• [Data to examine]:
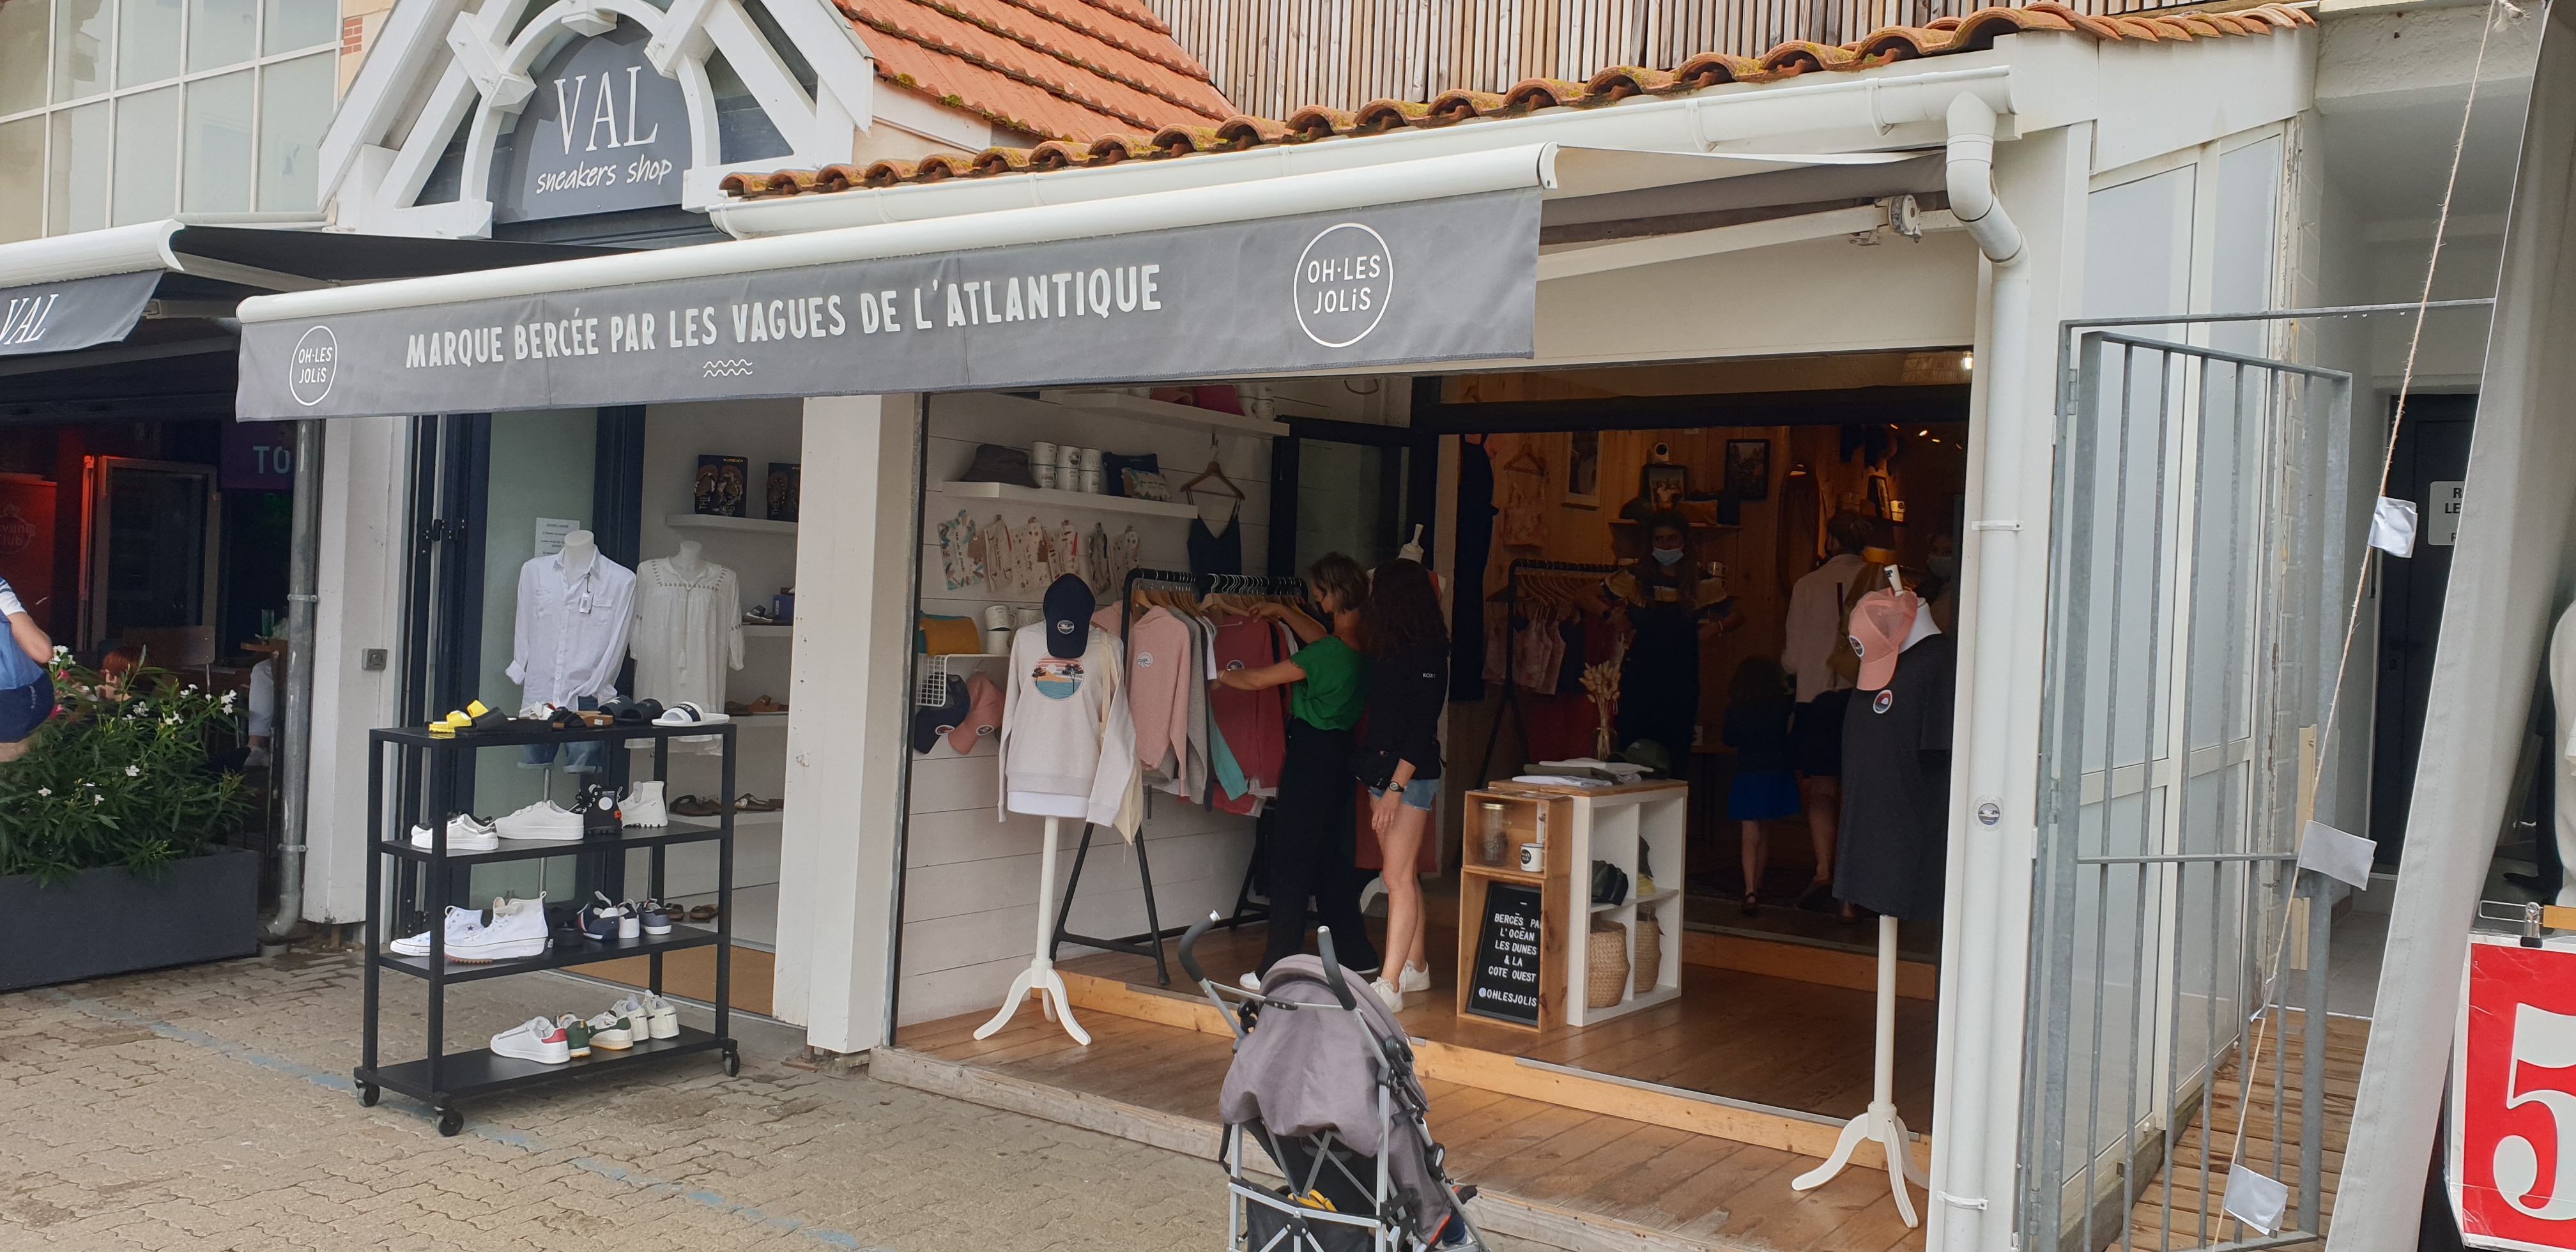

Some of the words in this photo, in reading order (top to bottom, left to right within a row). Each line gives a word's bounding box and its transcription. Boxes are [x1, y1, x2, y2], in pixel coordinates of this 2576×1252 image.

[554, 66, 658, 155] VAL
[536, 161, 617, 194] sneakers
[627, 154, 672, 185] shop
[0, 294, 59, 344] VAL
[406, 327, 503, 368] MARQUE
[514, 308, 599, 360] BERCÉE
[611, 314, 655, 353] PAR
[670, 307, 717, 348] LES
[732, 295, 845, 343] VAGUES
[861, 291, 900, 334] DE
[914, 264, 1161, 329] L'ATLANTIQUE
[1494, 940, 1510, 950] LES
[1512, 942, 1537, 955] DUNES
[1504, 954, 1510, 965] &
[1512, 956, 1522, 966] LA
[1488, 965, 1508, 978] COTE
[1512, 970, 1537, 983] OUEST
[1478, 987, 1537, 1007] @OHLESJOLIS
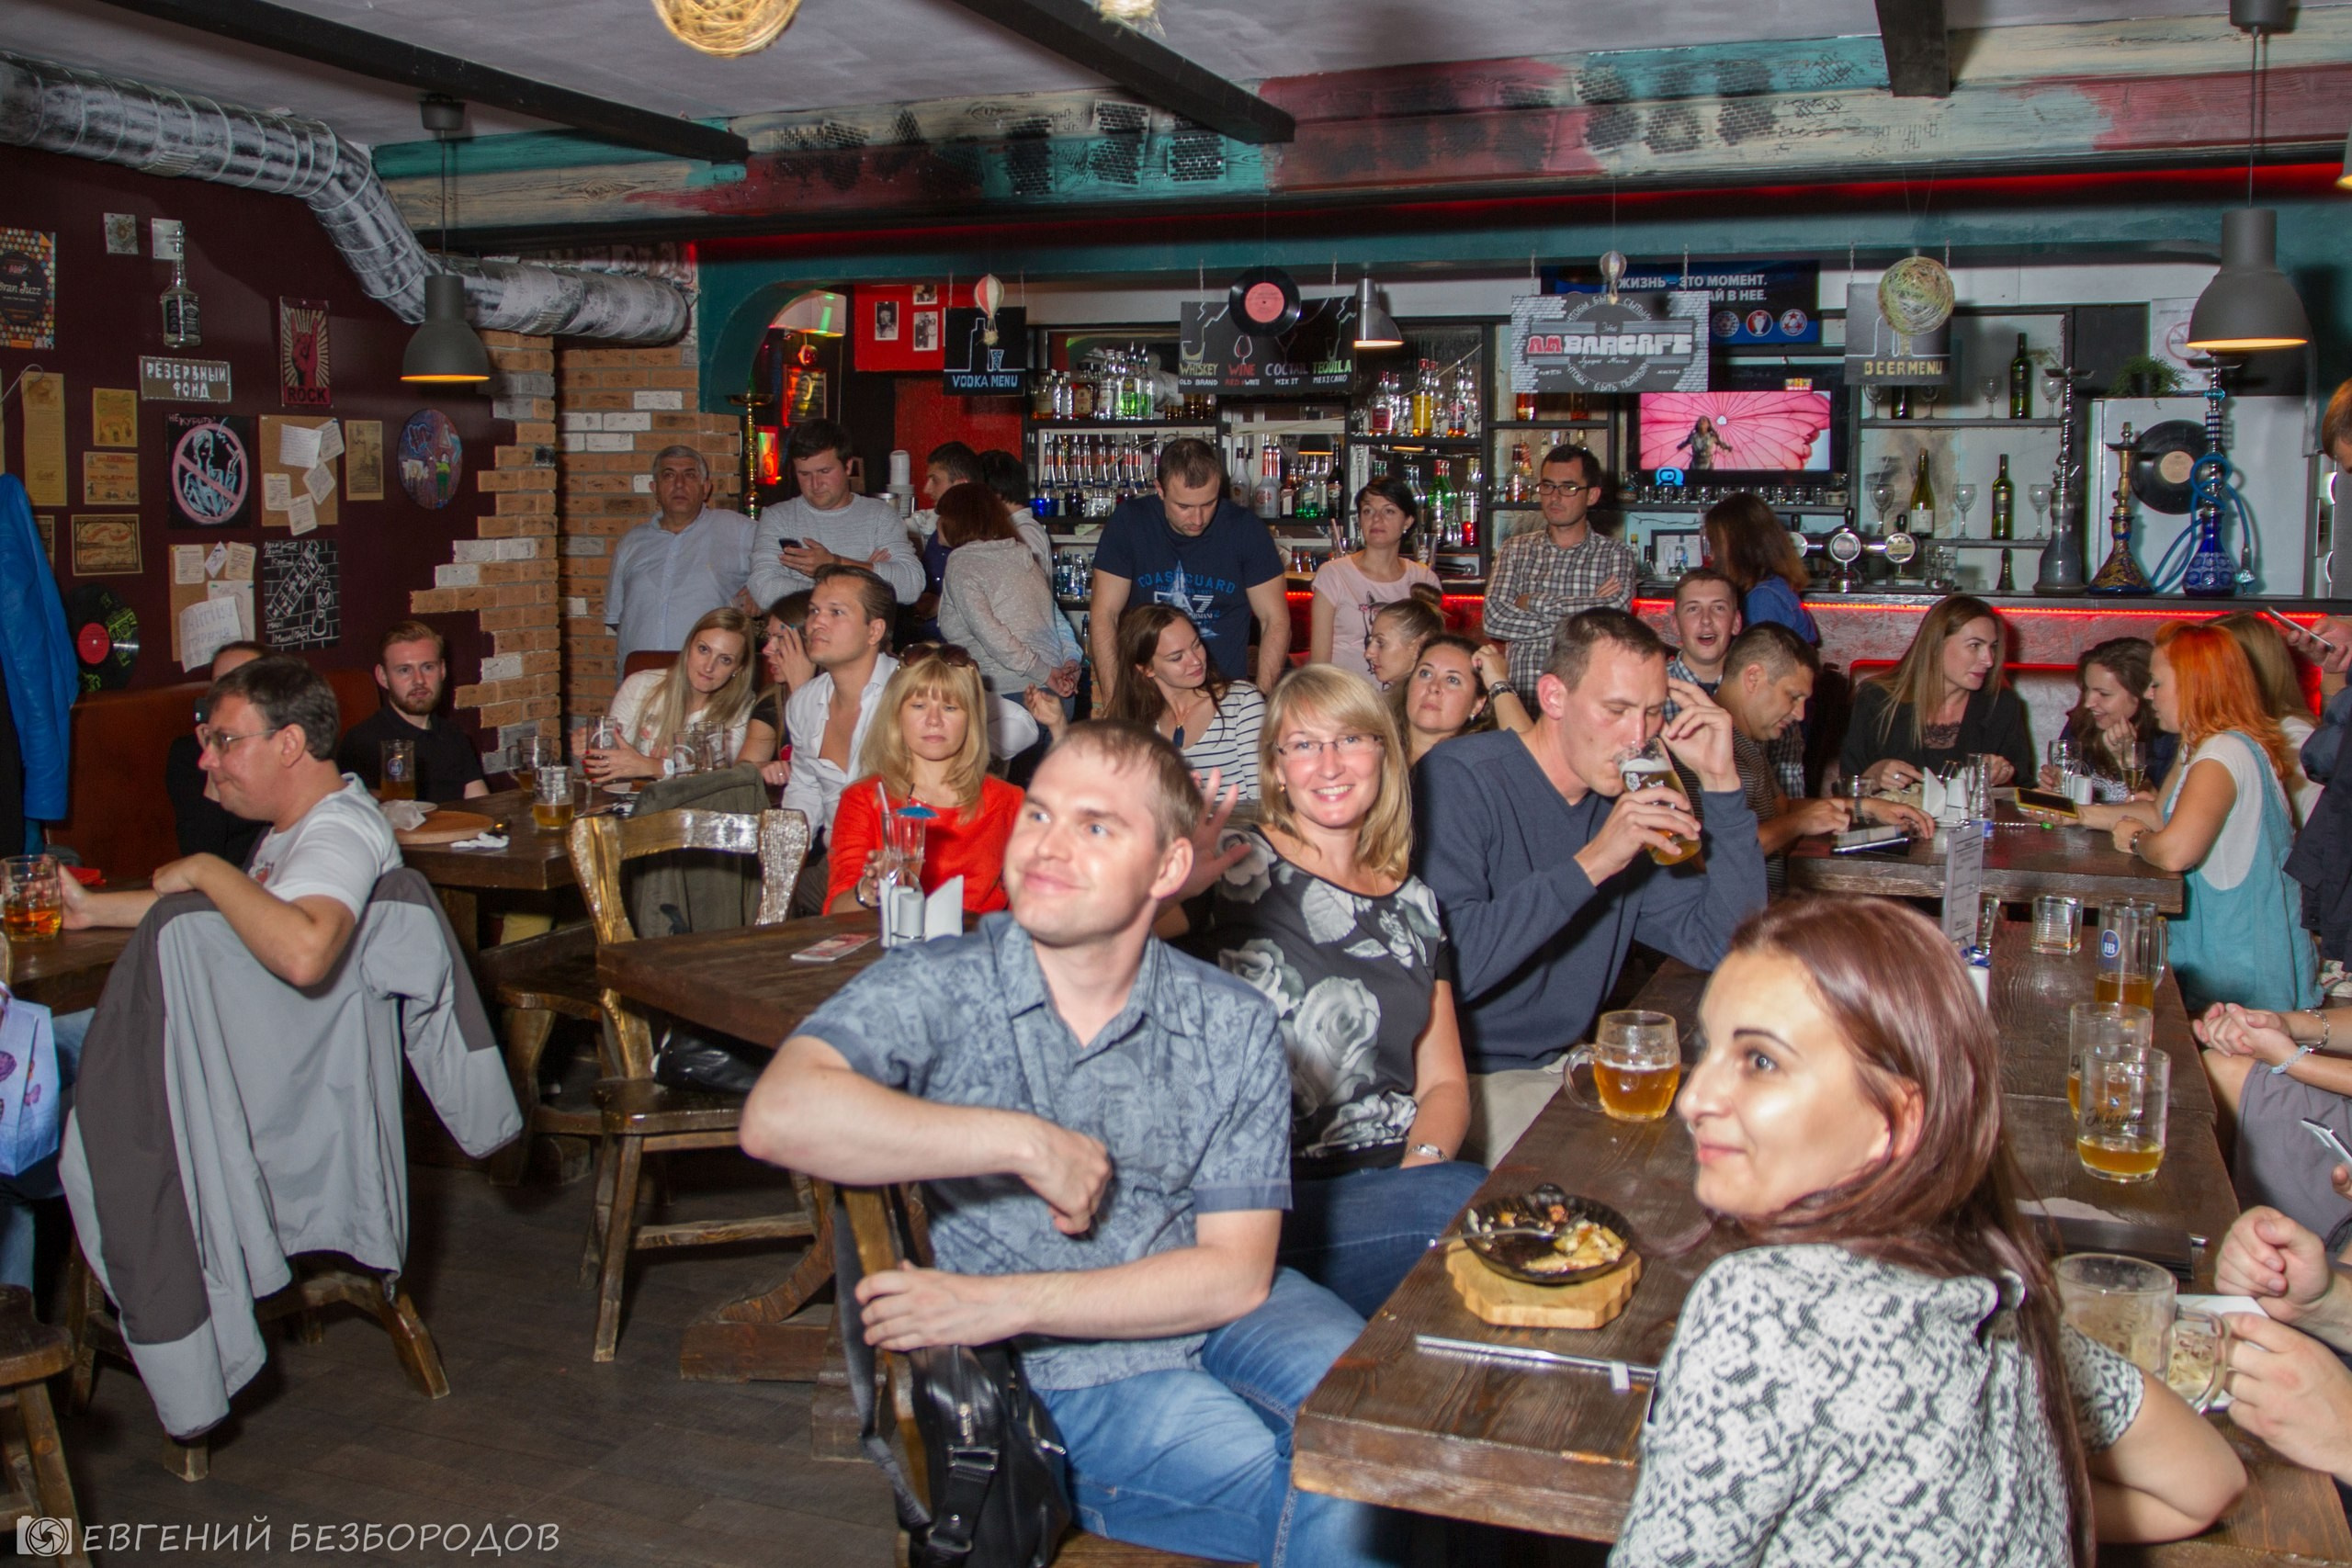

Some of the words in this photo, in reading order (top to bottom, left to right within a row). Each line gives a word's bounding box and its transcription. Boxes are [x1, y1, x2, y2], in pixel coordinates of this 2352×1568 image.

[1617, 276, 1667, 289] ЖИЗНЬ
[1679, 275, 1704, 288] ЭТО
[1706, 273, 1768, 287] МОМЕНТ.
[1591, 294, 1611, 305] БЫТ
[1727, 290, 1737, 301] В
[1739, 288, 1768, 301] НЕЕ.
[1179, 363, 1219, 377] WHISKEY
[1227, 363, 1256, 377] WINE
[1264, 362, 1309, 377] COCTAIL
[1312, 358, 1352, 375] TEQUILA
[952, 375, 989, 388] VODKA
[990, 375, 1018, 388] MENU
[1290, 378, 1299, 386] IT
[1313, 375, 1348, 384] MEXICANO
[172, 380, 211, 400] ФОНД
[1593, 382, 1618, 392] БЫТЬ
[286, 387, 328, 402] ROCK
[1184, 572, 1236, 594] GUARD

• [Work required]:
Everything from the line containing "this 2352×1568 image." to the last line of the material above must be copied exactly, and only that.

• [Worked solution]:
Some of the words in this photo, in reading order (top to bottom, left to right within a row). Each line gives a word's bounding box and its transcription. Boxes are [x1, y1, x2, y2], in pixel coordinates of this 2352×1568 image.

[1617, 276, 1667, 289] ЖИЗНЬ
[1679, 275, 1704, 288] ЭТО
[1706, 273, 1768, 287] МОМЕНТ.
[1591, 294, 1611, 305] БЫТ
[1727, 290, 1737, 301] В
[1739, 288, 1768, 301] НЕЕ.
[1179, 363, 1219, 377] WHISKEY
[1227, 363, 1256, 377] WINE
[1264, 362, 1309, 377] COCTAIL
[1312, 358, 1352, 375] TEQUILA
[952, 375, 989, 388] VODKA
[990, 375, 1018, 388] MENU
[1290, 378, 1299, 386] IT
[1313, 375, 1348, 384] MEXICANO
[172, 380, 211, 400] ФОНД
[1593, 382, 1618, 392] БЫТЬ
[286, 387, 328, 402] ROCK
[1184, 572, 1236, 594] GUARD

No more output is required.